[Problem] When you repeat the records, keep every word exact and drop each picture.

[Supplied information]
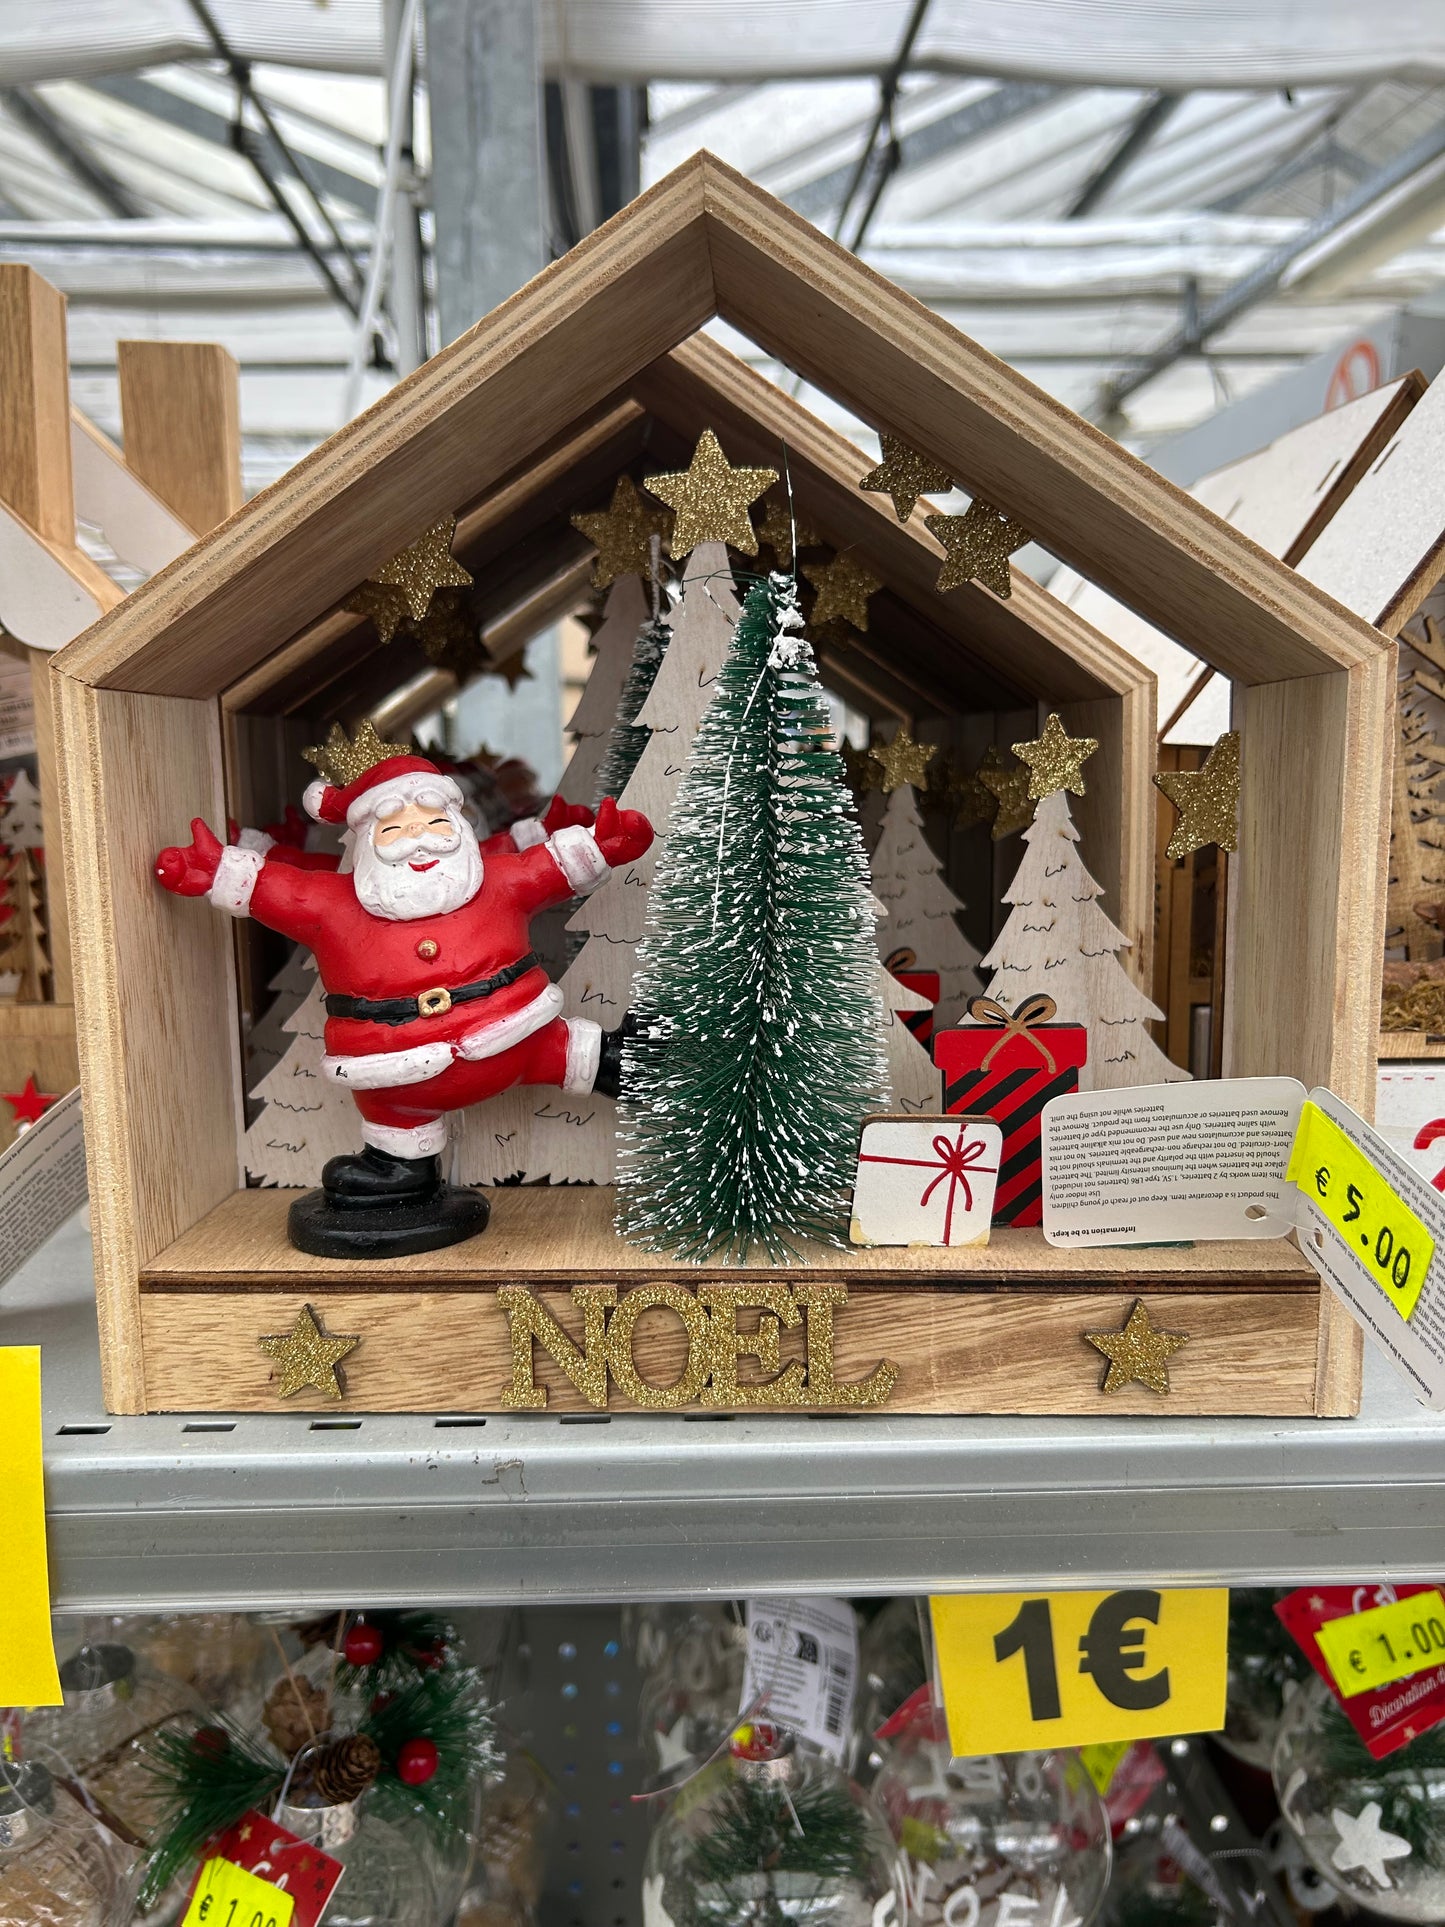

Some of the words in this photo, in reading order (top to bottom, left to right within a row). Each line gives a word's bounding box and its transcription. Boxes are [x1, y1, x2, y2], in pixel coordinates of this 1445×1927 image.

[1113, 1108, 1132, 1116] while
[1134, 1105, 1164, 1113] batteries
[1080, 1111, 1099, 1119] using
[1152, 1113, 1198, 1122] accumulators
[1091, 1118, 1120, 1128] product.
[1108, 1127, 1157, 1137] recommended
[1049, 1134, 1081, 1142] batteries.
[1049, 1144, 1079, 1152] batteries
[1080, 1141, 1107, 1149] alkaline
[1088, 1150, 1119, 1158] batteries.
[1121, 1145, 1181, 1155] non-rechargeable
[1157, 1153, 1184, 1162] polarity
[1072, 1162, 1095, 1170] should
[1096, 1159, 1128, 1167] terminals
[1095, 1170, 1119, 1178] limited.
[1219, 1171, 1228, 1179] by
[1097, 1177, 1129, 1186] (batteries
[1407, 1175, 1416, 1186] non
[1400, 1180, 1411, 1195] piles
[1417, 1184, 1423, 1193] de
[1238, 1191, 1264, 1199] product
[1080, 1198, 1101, 1206] young
[1307, 1205, 1315, 1215] des
[1050, 1230, 1069, 1238] kept.
[1091, 1226, 1136, 1235] Information
[1327, 1227, 1332, 1236] la
[1343, 1183, 1411, 1289] 5.00
[1327, 1266, 1332, 1274] et
[1332, 1272, 1353, 1300] utilisation
[1353, 1297, 1372, 1324] première
[1372, 1321, 1376, 1331] la
[1411, 1325, 1419, 1335] est
[1376, 1327, 1390, 1345] avant
[496, 1281, 900, 1409] NOEL
[1419, 1334, 1437, 1356] produit
[1401, 1357, 1432, 1398] Informations
[1377, 1617, 1445, 1663] 1.00
[993, 1589, 1170, 1721] 1€

[Task result]
Some of the words in this photo, in reading order (top to bottom, left to right within a row). Each line gives a word's bounding box and its transcription. Boxes are [x1, y1, x2, y2], in pixel coordinates of this 1445×1927 image.

[1113, 1108, 1132, 1116] while
[1134, 1105, 1164, 1113] batteries
[1080, 1111, 1099, 1119] using
[1152, 1113, 1198, 1122] accumulators
[1091, 1118, 1120, 1128] product.
[1108, 1127, 1157, 1137] recommended
[1049, 1134, 1081, 1142] batteries.
[1049, 1144, 1079, 1152] batteries
[1080, 1141, 1107, 1149] alkaline
[1088, 1150, 1119, 1158] batteries.
[1121, 1145, 1181, 1155] non-rechargeable
[1157, 1153, 1184, 1162] polarity
[1072, 1162, 1095, 1170] should
[1096, 1159, 1128, 1167] terminals
[1095, 1170, 1119, 1178] limited.
[1219, 1171, 1228, 1179] by
[1097, 1177, 1129, 1186] (batteries
[1407, 1175, 1416, 1186] non
[1400, 1180, 1411, 1195] piles
[1417, 1184, 1423, 1193] de
[1238, 1191, 1264, 1199] product
[1080, 1198, 1101, 1206] young
[1307, 1205, 1315, 1215] des
[1050, 1230, 1069, 1238] kept.
[1091, 1226, 1136, 1235] Information
[1327, 1227, 1332, 1236] la
[1343, 1183, 1411, 1289] 5.00
[1327, 1266, 1332, 1274] et
[1332, 1272, 1353, 1300] utilisation
[1353, 1297, 1372, 1324] première
[1372, 1321, 1376, 1331] la
[1411, 1325, 1419, 1335] est
[1376, 1327, 1390, 1345] avant
[496, 1281, 900, 1409] NOEL
[1419, 1334, 1437, 1356] produit
[1401, 1357, 1432, 1398] Informations
[1377, 1617, 1445, 1663] 1.00
[993, 1589, 1170, 1721] 1€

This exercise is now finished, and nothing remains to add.